This is actually a (very) extended book review. I hardly have to say it’s lengthy: this is Scott Alexander we’re talking about. He writes basically the longest posts on the entire internet. So if you click through, be aware, you aren’t going to read the whole post in two minutes.

The book in question is:

The Secret of Our Success: How Culture Is Driving Human Evolution, Domesticating Our Species, and Making Us Smarter, by Joseph Henrich. I’ll add that after reading (part of) Scott’s review, I’ve ordered the book. In paper. I don’t like stuff like this on Kindle, where it’ll probably get shuffled toward the back of the pile of electrons and I’ll forget it’s there. I want this on the coffee table, where I’ll pick it up and dip into it whenever I’m in the mood.

Here is where I stopped reading the post and just bought the book:

Rationalists always wonder: how come people aren’t more rational? How come you can prove a thousand times, using Facts and Logic, that something is stupid, and yet people will still keep doing it?

Henrich hints at an answer: for basically all of history, using reason would get you killed.

A reasonable person would have figured out there was no way for oracle-bones to accurately predict the future. They would have abandoned divination, failed at hunting, and maybe died of starvation.

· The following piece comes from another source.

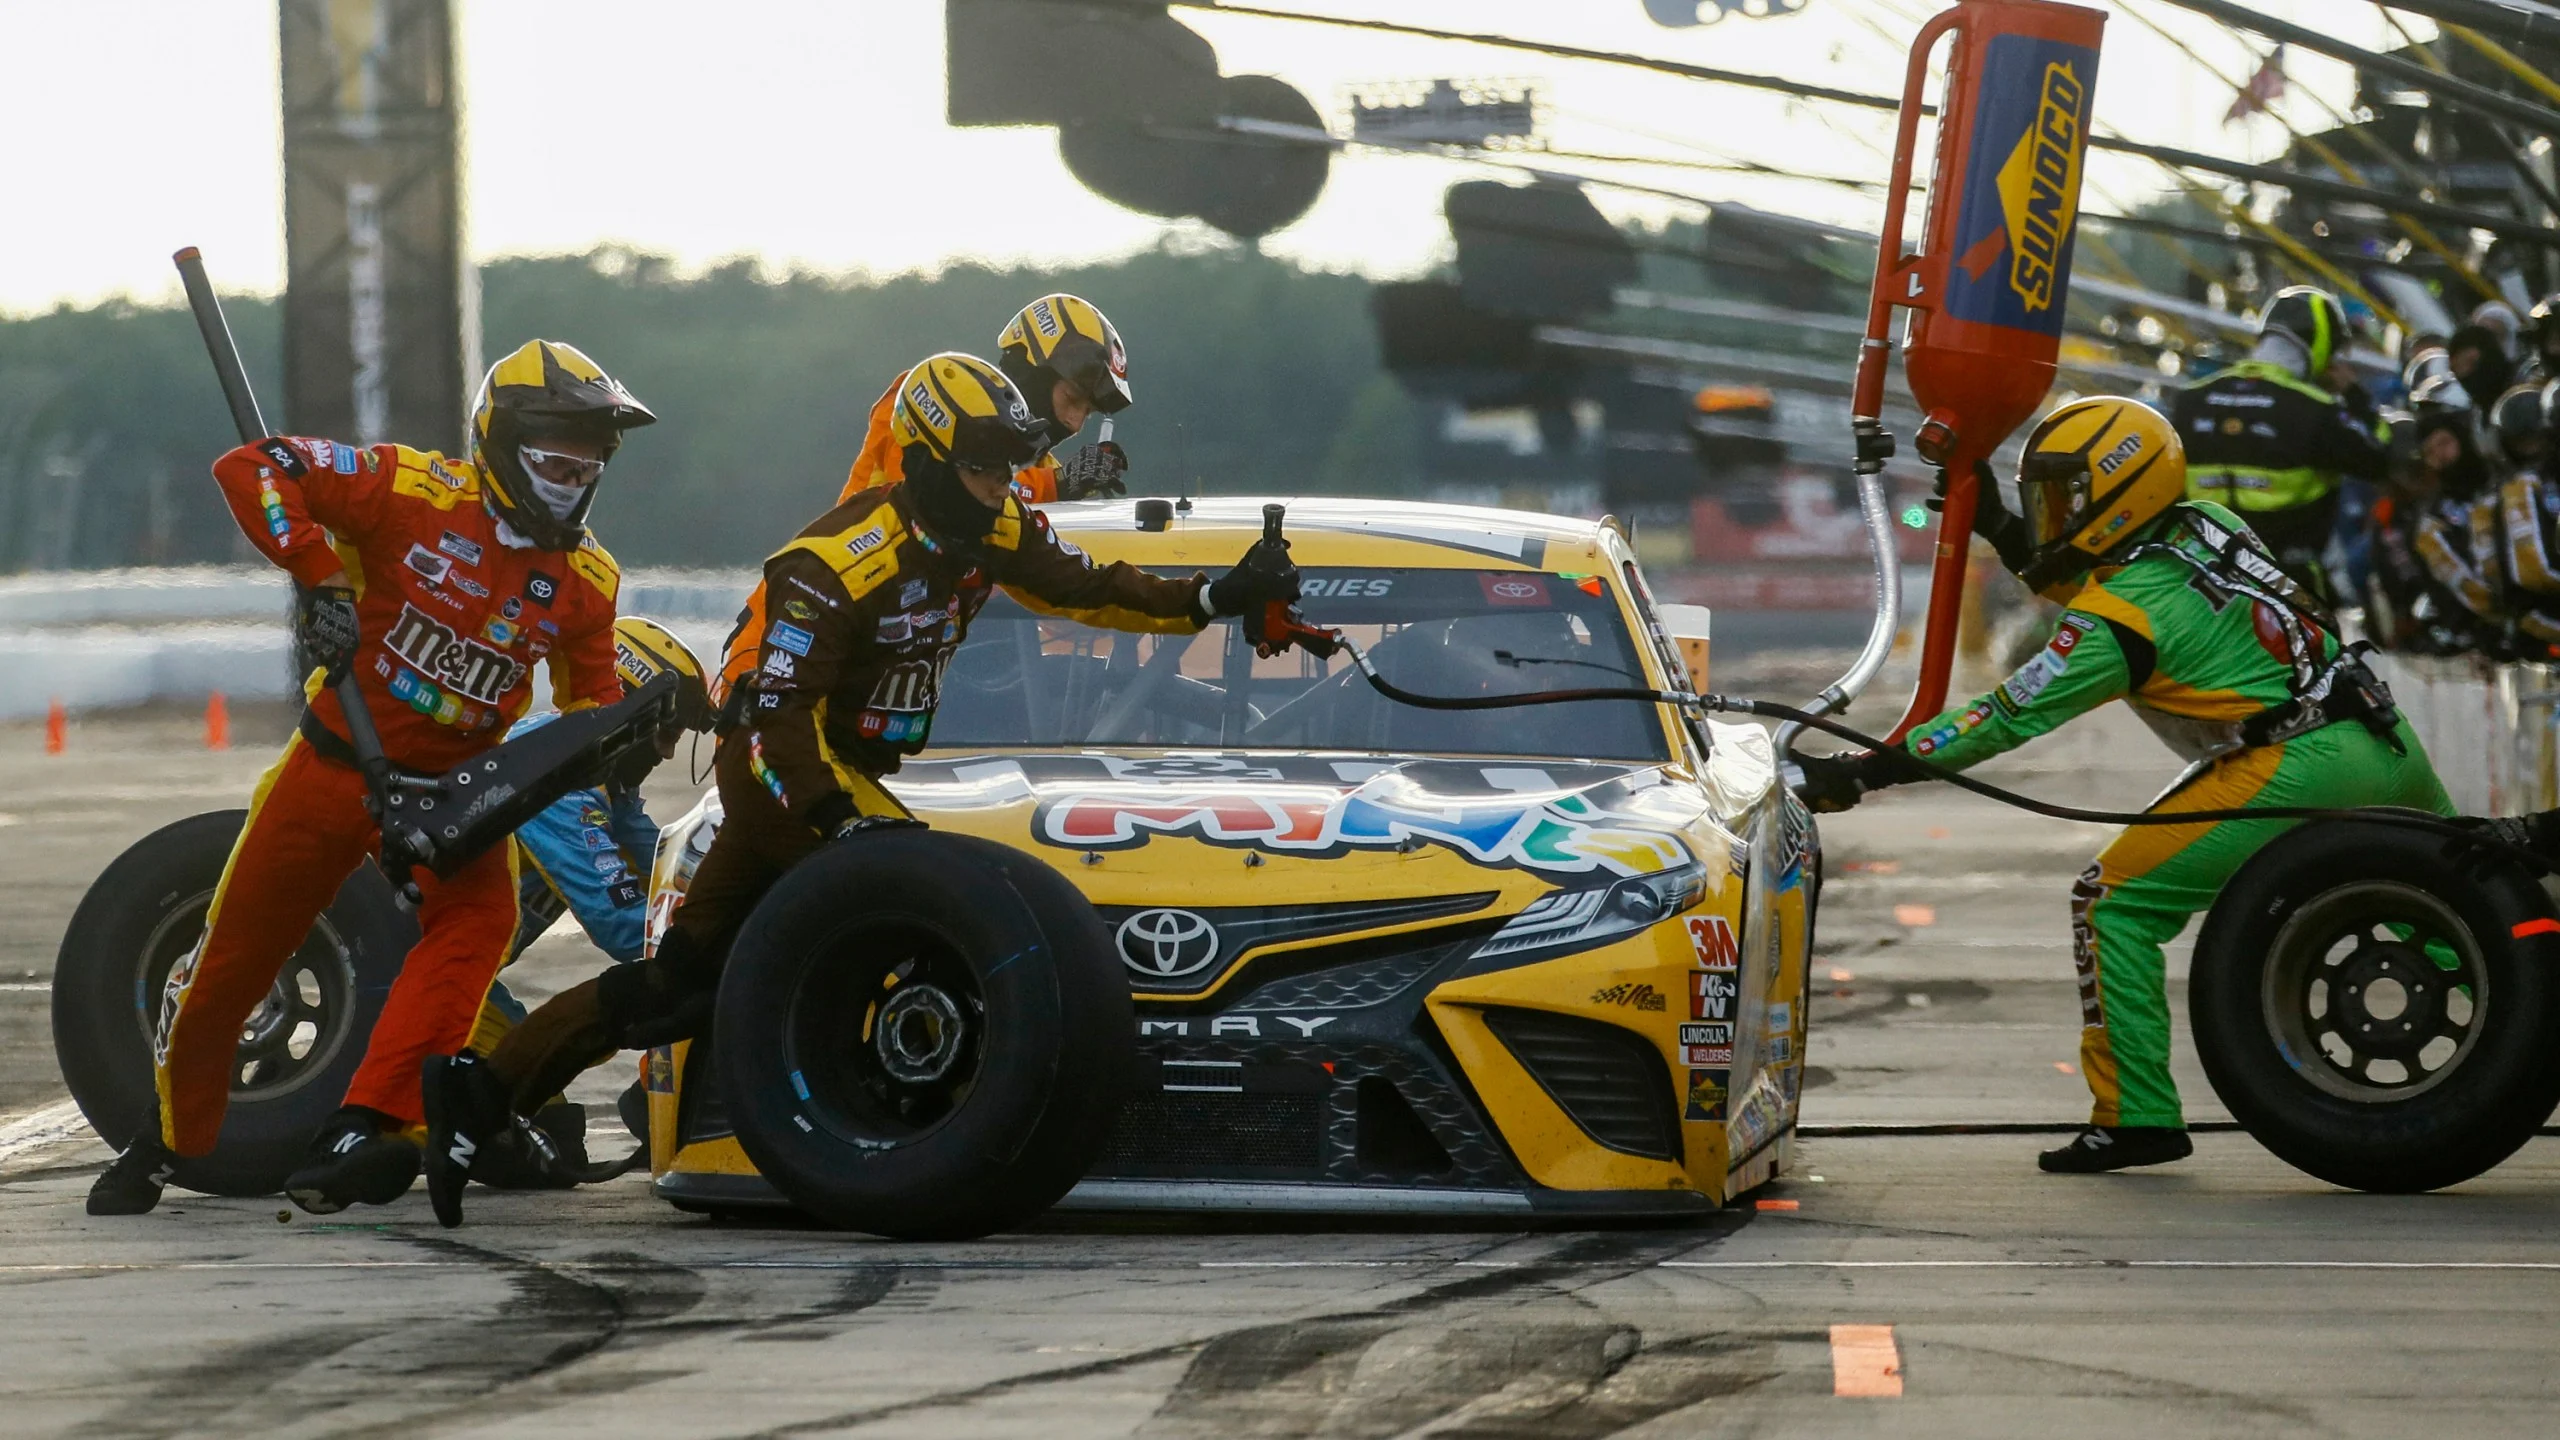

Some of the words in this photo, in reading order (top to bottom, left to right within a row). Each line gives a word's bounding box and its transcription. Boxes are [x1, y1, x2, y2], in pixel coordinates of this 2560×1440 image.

A reasonable person would have asked why everyone was wasting so much time preparing manioc. When told “Because that’s how we’ve always done it”, they would have been unsatisfied with that answer. They would have done some experiments, and found that a simpler process of boiling it worked just as well. They would have saved lots of time, maybe converted all their friends to the new and easier method. Twenty years later, they would have gotten sick and died, in a way so causally distant from their decision to change manioc processing methods that nobody would ever have been able to link the two together.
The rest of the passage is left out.